BEGIN Data extract

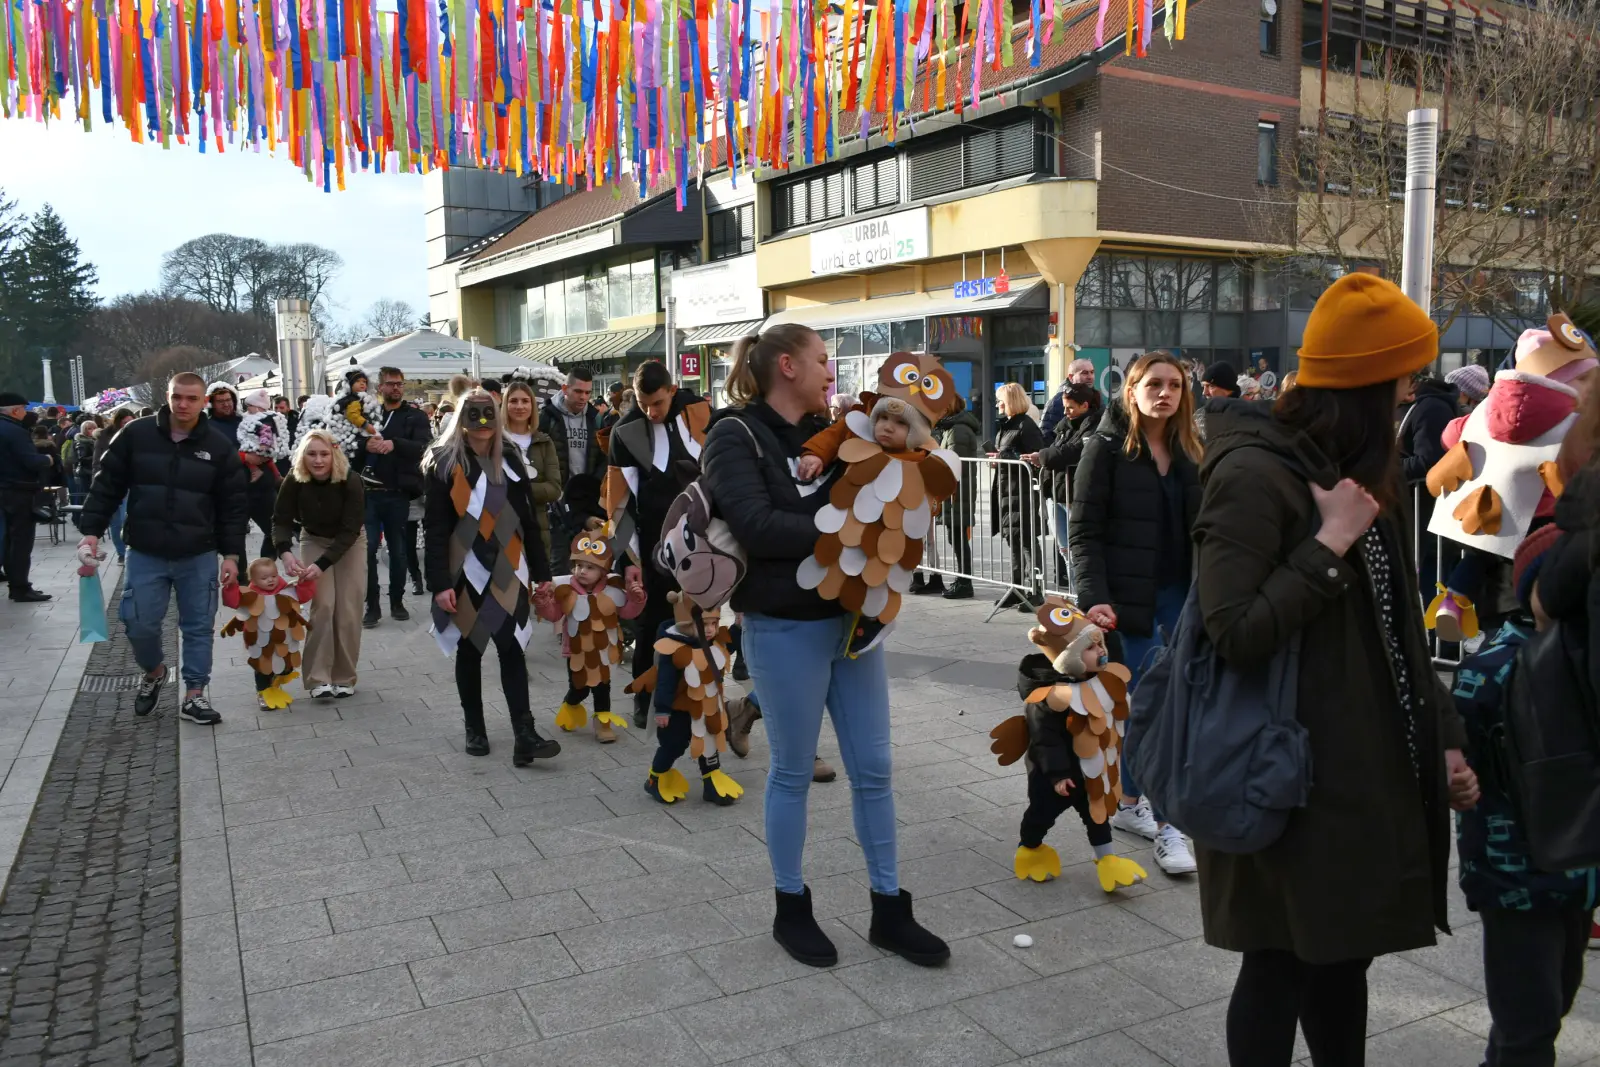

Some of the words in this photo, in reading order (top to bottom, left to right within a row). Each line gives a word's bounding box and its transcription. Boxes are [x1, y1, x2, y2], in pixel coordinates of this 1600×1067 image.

[855, 220, 890, 241] URBIA
[821, 251, 845, 271] urbi
[848, 251, 861, 266] et
[866, 241, 892, 262] orbi
[896, 238, 915, 258] 25
[953, 277, 994, 299] ERSTE
[570, 440, 585, 449] 1991
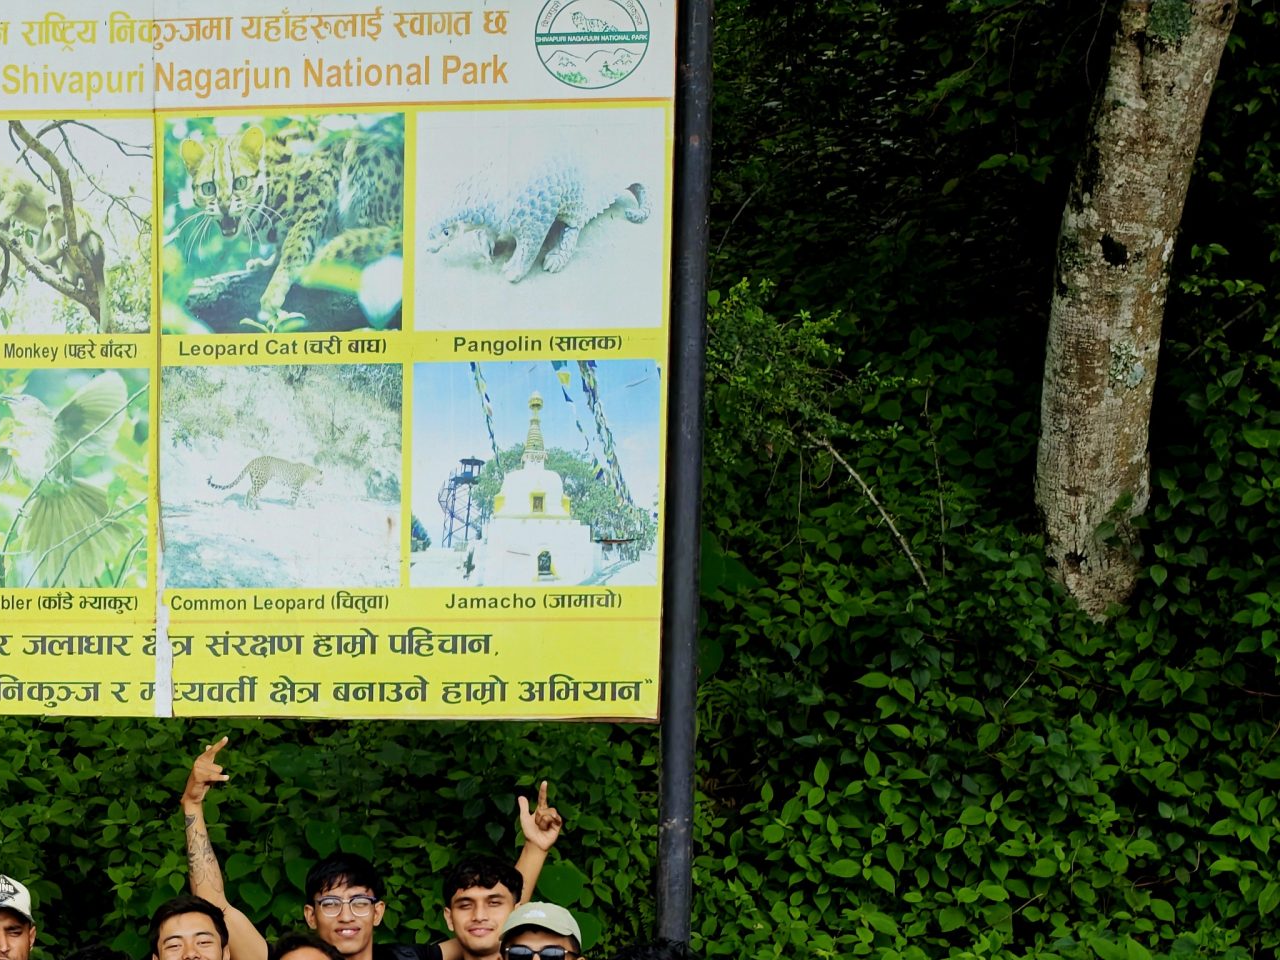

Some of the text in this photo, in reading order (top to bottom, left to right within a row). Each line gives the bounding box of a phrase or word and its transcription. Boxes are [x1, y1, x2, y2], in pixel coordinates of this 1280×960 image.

[21, 11, 99, 52] राष्ट्रिय
[109, 10, 233, 51] निकुञ्जमा
[394, 11, 472, 38] स्वागत
[483, 11, 509, 36] छ
[2, 63, 145, 101] Shivapuri
[155, 60, 290, 99] Nagarjun
[304, 57, 430, 88] National
[442, 54, 508, 85] Park
[4, 343, 58, 362] Monkey
[179, 340, 258, 359] Leopard
[265, 339, 298, 356] Cat
[454, 335, 622, 355] Pangolin (सालक)
[170, 595, 247, 610] Common
[253, 594, 325, 613] Leopard
[445, 589, 622, 609] Jamacho (जामाचो)
[22, 635, 133, 656] जलाधार
[206, 631, 304, 658] संरक्षण
[313, 628, 379, 658] हाम्रो
[111, 681, 131, 703] र
[270, 675, 321, 705] क्षेत्र
[332, 675, 429, 703] बनाउने
[441, 675, 508, 706] हाम्रो
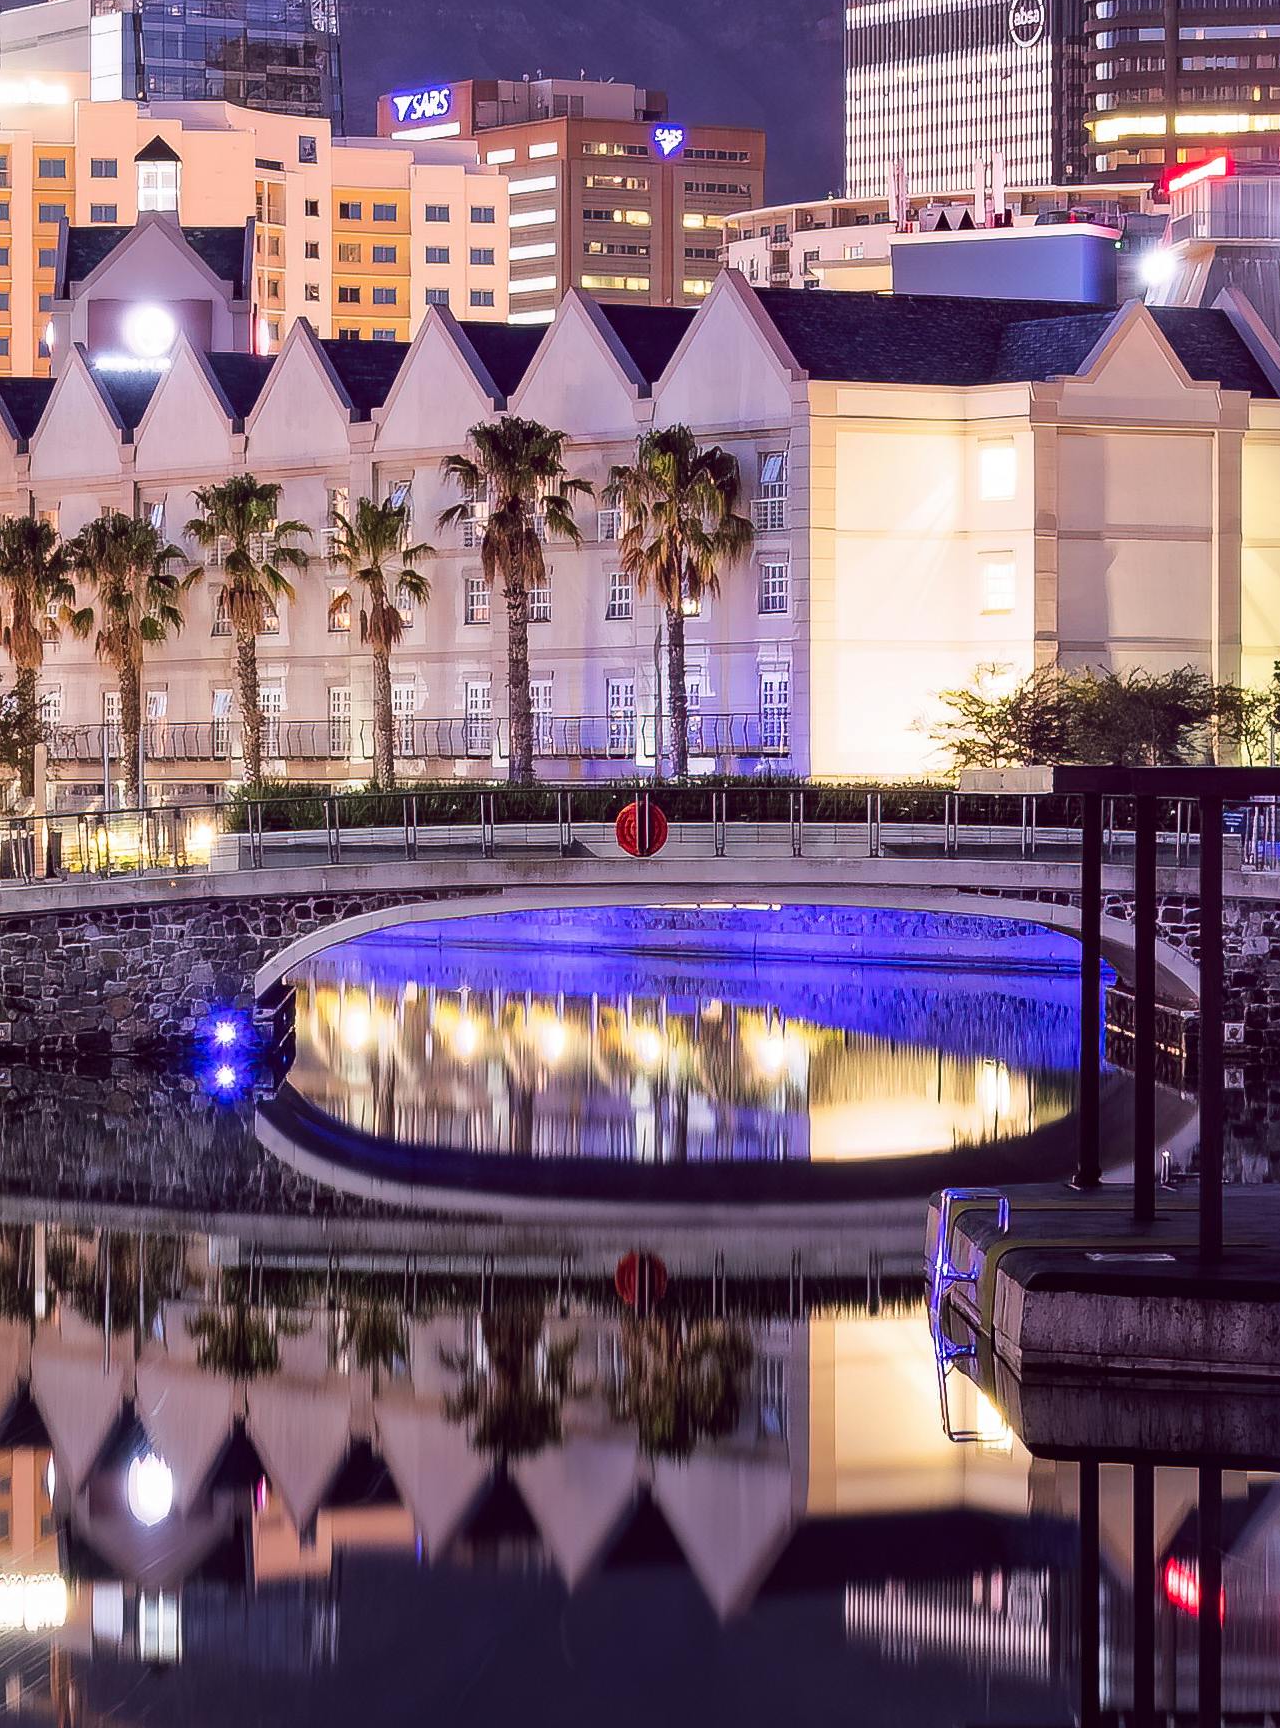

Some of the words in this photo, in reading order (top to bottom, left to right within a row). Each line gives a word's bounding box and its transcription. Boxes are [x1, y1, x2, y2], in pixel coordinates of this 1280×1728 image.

[1014, 6, 1040, 26] absa
[411, 88, 450, 120] SARS
[654, 128, 683, 142] SARS
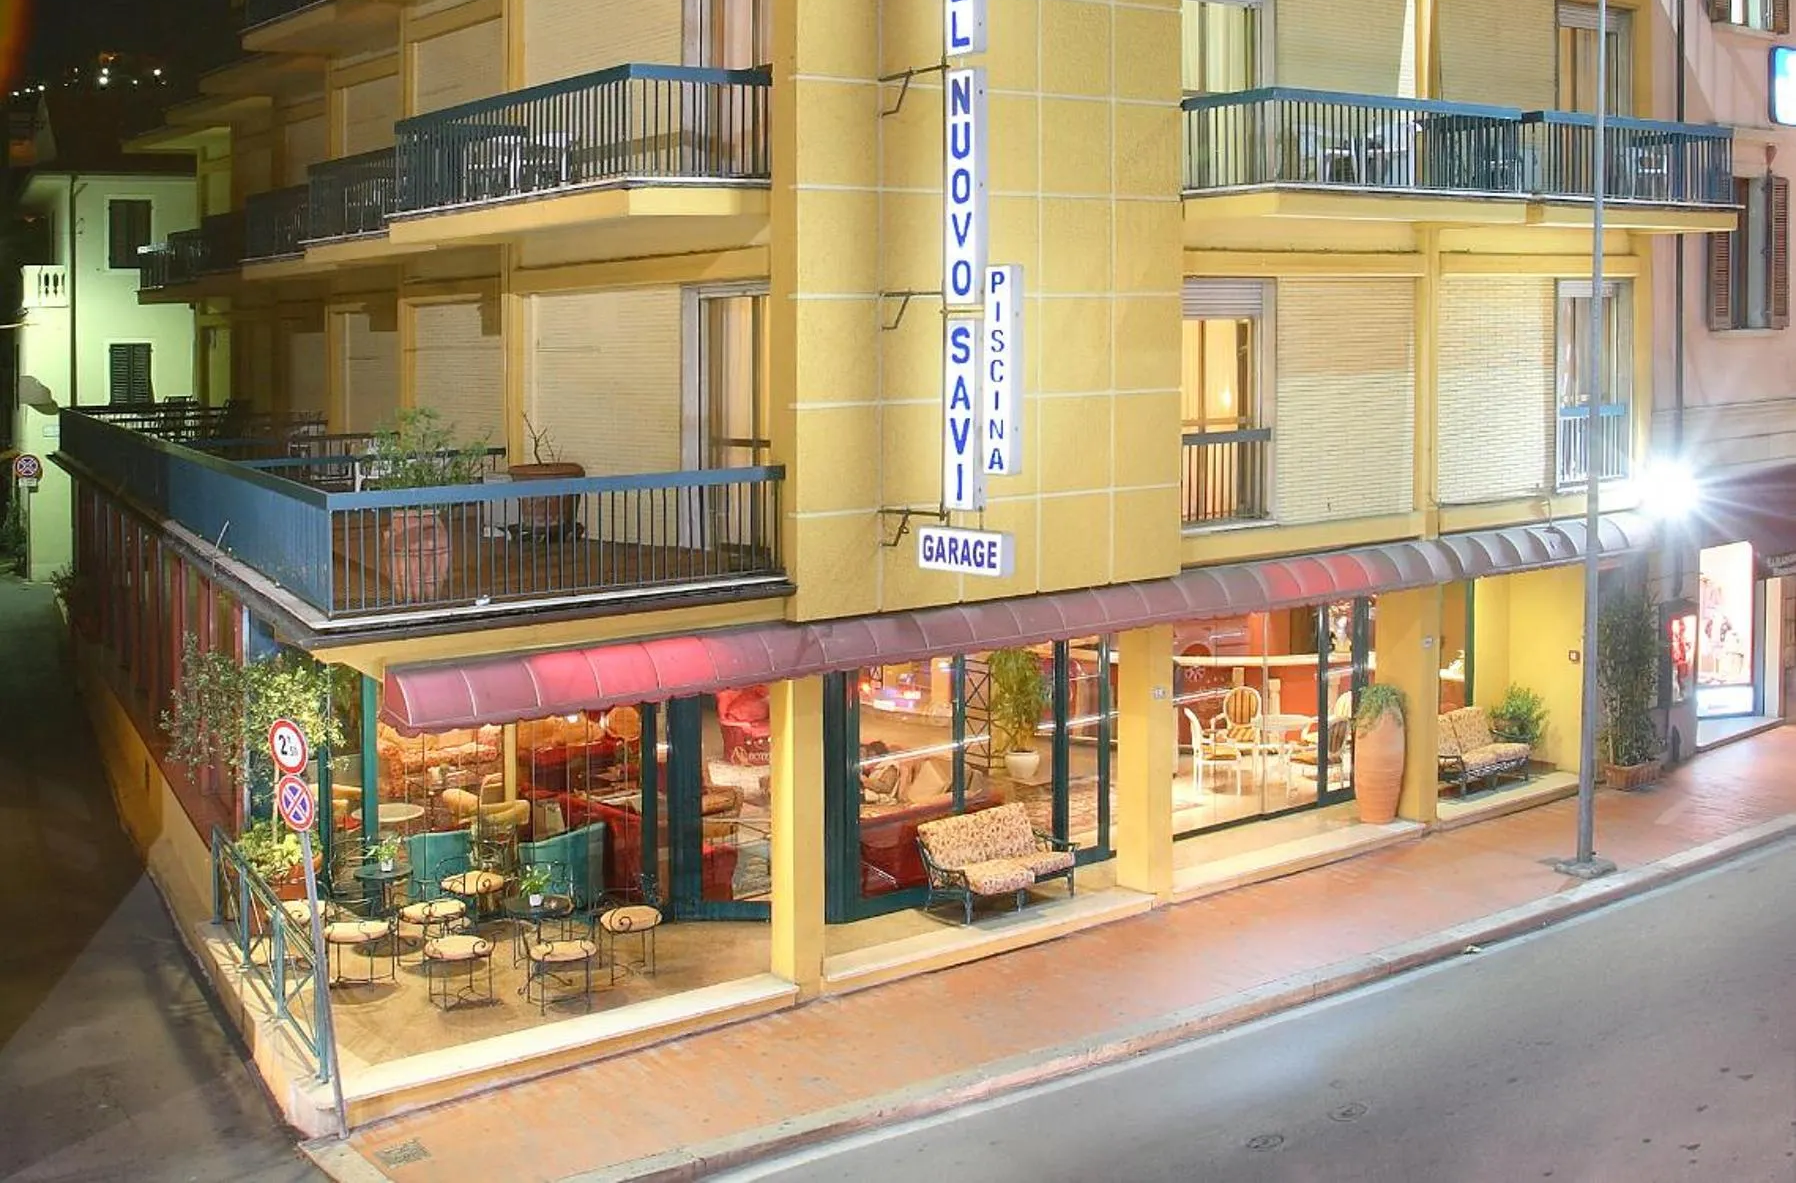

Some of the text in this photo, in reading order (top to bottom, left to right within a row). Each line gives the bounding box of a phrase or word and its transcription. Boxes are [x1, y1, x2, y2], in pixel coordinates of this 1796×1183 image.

[951, 75, 972, 296] NUOVO
[950, 326, 971, 502] SAVI
[988, 271, 1005, 470] PISCINA
[922, 534, 997, 569] GARAGE

END Data extract

The records above must be printed exactly; the pictures stay out.

Some of the words in this photo, in reading order (top to bottom, left to right within a row). Each line gives a word's bounding box and its transcription. Boxes are [x1, y1, x2, y2], in pixel coordinates of this 1600×1067 image.

[855, 220, 890, 241] URBIA
[821, 251, 845, 271] urbi
[848, 251, 861, 266] et
[866, 241, 892, 262] orbi
[896, 238, 915, 258] 25
[953, 277, 994, 299] ERSTE
[570, 440, 585, 449] 1991

Some of the text in this photo, in reading order (top to bottom, left to right within a row). Each line gives the bounding box of a phrase or word and its transcription. Boxes are [x1, y1, x2, y2], in pixel coordinates of this 1280×960 image.

[21, 11, 99, 52] राष्ट्रिय
[109, 10, 233, 51] निकुञ्जमा
[394, 11, 472, 38] स्वागत
[483, 11, 509, 36] छ
[2, 63, 145, 101] Shivapuri
[155, 60, 290, 99] Nagarjun
[304, 57, 430, 88] National
[442, 54, 508, 85] Park
[4, 343, 58, 362] Monkey
[179, 340, 258, 359] Leopard
[265, 339, 298, 356] Cat
[454, 335, 622, 355] Pangolin (सालक)
[170, 595, 247, 610] Common
[253, 594, 325, 613] Leopard
[445, 589, 622, 609] Jamacho (जामाचो)
[22, 635, 133, 656] जलाधार
[206, 631, 304, 658] संरक्षण
[313, 628, 379, 658] हाम्रो
[111, 681, 131, 703] र
[270, 675, 321, 705] क्षेत्र
[332, 675, 429, 703] बनाउने
[441, 675, 508, 706] हाम्रो

Some of the words in this photo, in reading order (top to bottom, left to right within a row). Each line gives a word's bounding box and its transcription. Boxes are [x1, y1, x2, y2], in pixel coordinates of this 1280×1728 image.

[1014, 6, 1040, 26] absa
[411, 88, 450, 120] SARS
[654, 128, 683, 142] SARS

Some of the text in this photo, in reading order (top to bottom, left to right within a row). Each line gives the bounding box of a phrase or word and its transcription. Boxes are [x1, y1, x2, y2], in pixel coordinates of this 1796×1183 image.

[951, 75, 972, 296] NUOVO
[950, 326, 971, 502] SAVI
[988, 271, 1005, 470] PISCINA
[922, 534, 997, 569] GARAGE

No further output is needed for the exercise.